What you will do:
Each entry below must be repeated word for word.
---------- Extracted records
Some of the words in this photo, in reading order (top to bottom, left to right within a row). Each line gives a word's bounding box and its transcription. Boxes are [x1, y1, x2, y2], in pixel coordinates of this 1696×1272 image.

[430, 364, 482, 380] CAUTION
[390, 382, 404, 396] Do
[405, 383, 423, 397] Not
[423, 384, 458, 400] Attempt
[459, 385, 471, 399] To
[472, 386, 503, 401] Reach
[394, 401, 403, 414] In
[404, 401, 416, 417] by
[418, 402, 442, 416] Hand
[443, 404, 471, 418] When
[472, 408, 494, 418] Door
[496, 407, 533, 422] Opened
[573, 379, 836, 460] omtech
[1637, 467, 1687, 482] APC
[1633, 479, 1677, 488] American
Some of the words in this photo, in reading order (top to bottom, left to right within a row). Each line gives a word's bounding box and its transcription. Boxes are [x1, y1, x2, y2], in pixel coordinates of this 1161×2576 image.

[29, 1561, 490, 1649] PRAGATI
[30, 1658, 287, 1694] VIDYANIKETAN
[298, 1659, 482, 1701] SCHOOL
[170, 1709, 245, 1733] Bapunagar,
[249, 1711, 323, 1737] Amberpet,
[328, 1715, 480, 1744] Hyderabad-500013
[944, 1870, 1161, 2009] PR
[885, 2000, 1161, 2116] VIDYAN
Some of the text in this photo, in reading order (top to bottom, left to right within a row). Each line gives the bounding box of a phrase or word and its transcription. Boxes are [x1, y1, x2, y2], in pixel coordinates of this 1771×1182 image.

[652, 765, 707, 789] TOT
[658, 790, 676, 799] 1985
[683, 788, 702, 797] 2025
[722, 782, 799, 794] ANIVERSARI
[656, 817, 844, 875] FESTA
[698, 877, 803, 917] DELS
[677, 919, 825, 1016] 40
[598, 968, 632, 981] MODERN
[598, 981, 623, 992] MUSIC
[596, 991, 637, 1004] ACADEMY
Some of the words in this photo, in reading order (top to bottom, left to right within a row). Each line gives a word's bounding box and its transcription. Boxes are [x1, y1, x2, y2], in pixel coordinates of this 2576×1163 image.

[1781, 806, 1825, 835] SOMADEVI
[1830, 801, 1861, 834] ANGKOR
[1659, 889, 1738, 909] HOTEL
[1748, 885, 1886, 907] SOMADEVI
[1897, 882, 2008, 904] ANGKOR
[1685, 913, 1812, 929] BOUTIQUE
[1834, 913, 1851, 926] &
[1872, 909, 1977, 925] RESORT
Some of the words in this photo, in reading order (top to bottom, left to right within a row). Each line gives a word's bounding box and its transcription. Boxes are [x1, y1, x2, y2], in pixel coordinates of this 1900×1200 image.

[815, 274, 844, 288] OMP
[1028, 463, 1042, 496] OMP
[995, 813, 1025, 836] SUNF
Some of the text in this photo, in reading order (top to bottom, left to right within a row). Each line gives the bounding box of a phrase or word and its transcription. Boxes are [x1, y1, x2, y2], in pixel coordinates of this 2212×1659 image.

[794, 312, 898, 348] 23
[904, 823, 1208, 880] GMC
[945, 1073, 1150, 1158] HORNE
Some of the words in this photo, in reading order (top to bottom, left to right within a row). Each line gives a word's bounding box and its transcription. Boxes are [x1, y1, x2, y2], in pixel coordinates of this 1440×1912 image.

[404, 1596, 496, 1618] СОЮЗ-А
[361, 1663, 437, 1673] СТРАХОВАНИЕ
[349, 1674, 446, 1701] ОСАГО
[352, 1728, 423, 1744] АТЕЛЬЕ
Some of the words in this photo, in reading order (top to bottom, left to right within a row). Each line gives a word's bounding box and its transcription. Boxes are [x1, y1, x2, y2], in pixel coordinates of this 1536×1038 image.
--------------------
Answer to this task:
Some of the words in this photo, in reading order (top to bottom, left to right within a row). Each line gives a word's bounding box and its transcription. Boxes are [x1, y1, x2, y2], in pixel coordinates of this 1696×1272 image.

[430, 364, 482, 380] CAUTION
[390, 382, 404, 396] Do
[405, 383, 423, 397] Not
[423, 384, 458, 400] Attempt
[459, 385, 471, 399] To
[472, 386, 503, 401] Reach
[394, 401, 403, 414] In
[404, 401, 416, 417] by
[418, 402, 442, 416] Hand
[443, 404, 471, 418] When
[472, 408, 494, 418] Door
[496, 407, 533, 422] Opened
[573, 379, 836, 460] omtech
[1637, 467, 1687, 482] APC
[1633, 479, 1677, 488] American
Some of the words in this photo, in reading order (top to bottom, left to right within a row). Each line gives a word's bounding box and its transcription. Boxes are [x1, y1, x2, y2], in pixel coordinates of this 1161×2576 image.

[29, 1561, 490, 1649] PRAGATI
[30, 1658, 287, 1694] VIDYANIKETAN
[298, 1659, 482, 1701] SCHOOL
[170, 1709, 245, 1733] Bapunagar,
[249, 1711, 323, 1737] Amberpet,
[328, 1715, 480, 1744] Hyderabad-500013
[944, 1870, 1161, 2009] PR
[885, 2000, 1161, 2116] VIDYAN
Some of the text in this photo, in reading order (top to bottom, left to right within a row). Each line gives the bounding box of a phrase or word and its transcription. Boxes are [x1, y1, x2, y2], in pixel coordinates of this 1771×1182 image.

[652, 765, 707, 789] TOT
[658, 790, 676, 799] 1985
[683, 788, 702, 797] 2025
[722, 782, 799, 794] ANIVERSARI
[656, 817, 844, 875] FESTA
[698, 877, 803, 917] DELS
[677, 919, 825, 1016] 40
[598, 968, 632, 981] MODERN
[598, 981, 623, 992] MUSIC
[596, 991, 637, 1004] ACADEMY
Some of the words in this photo, in reading order (top to bottom, left to right within a row). Each line gives a word's bounding box and its transcription. Boxes are [x1, y1, x2, y2], in pixel coordinates of this 2576×1163 image.

[1781, 806, 1825, 835] SOMADEVI
[1830, 801, 1861, 834] ANGKOR
[1659, 889, 1738, 909] HOTEL
[1748, 885, 1886, 907] SOMADEVI
[1897, 882, 2008, 904] ANGKOR
[1685, 913, 1812, 929] BOUTIQUE
[1834, 913, 1851, 926] &
[1872, 909, 1977, 925] RESORT
Some of the words in this photo, in reading order (top to bottom, left to right within a row). Each line gives a word's bounding box and its transcription. Boxes are [x1, y1, x2, y2], in pixel coordinates of this 1900×1200 image.

[815, 274, 844, 288] OMP
[1028, 463, 1042, 496] OMP
[995, 813, 1025, 836] SUNF
Some of the text in this photo, in reading order (top to bottom, left to right within a row). Each line gives the bounding box of a phrase or word and its transcription. Boxes are [x1, y1, x2, y2], in pixel coordinates of this 2212×1659 image.

[794, 312, 898, 348] 23
[904, 823, 1208, 880] GMC
[945, 1073, 1150, 1158] HORNE
Some of the words in this photo, in reading order (top to bottom, left to right within a row). Each line gives a word's bounding box and its transcription. Boxes are [x1, y1, x2, y2], in pixel coordinates of this 1440×1912 image.

[404, 1596, 496, 1618] СОЮЗ-А
[361, 1663, 437, 1673] СТРАХОВАНИЕ
[349, 1674, 446, 1701] ОСАГО
[352, 1728, 423, 1744] АТЕЛЬЕ
Some of the words in this photo, in reading order (top to bottom, left to right within a row). Each line gives a word's bounding box and its transcription. Boxes are [x1, y1, x2, y2], in pixel coordinates of this 1536×1038 image.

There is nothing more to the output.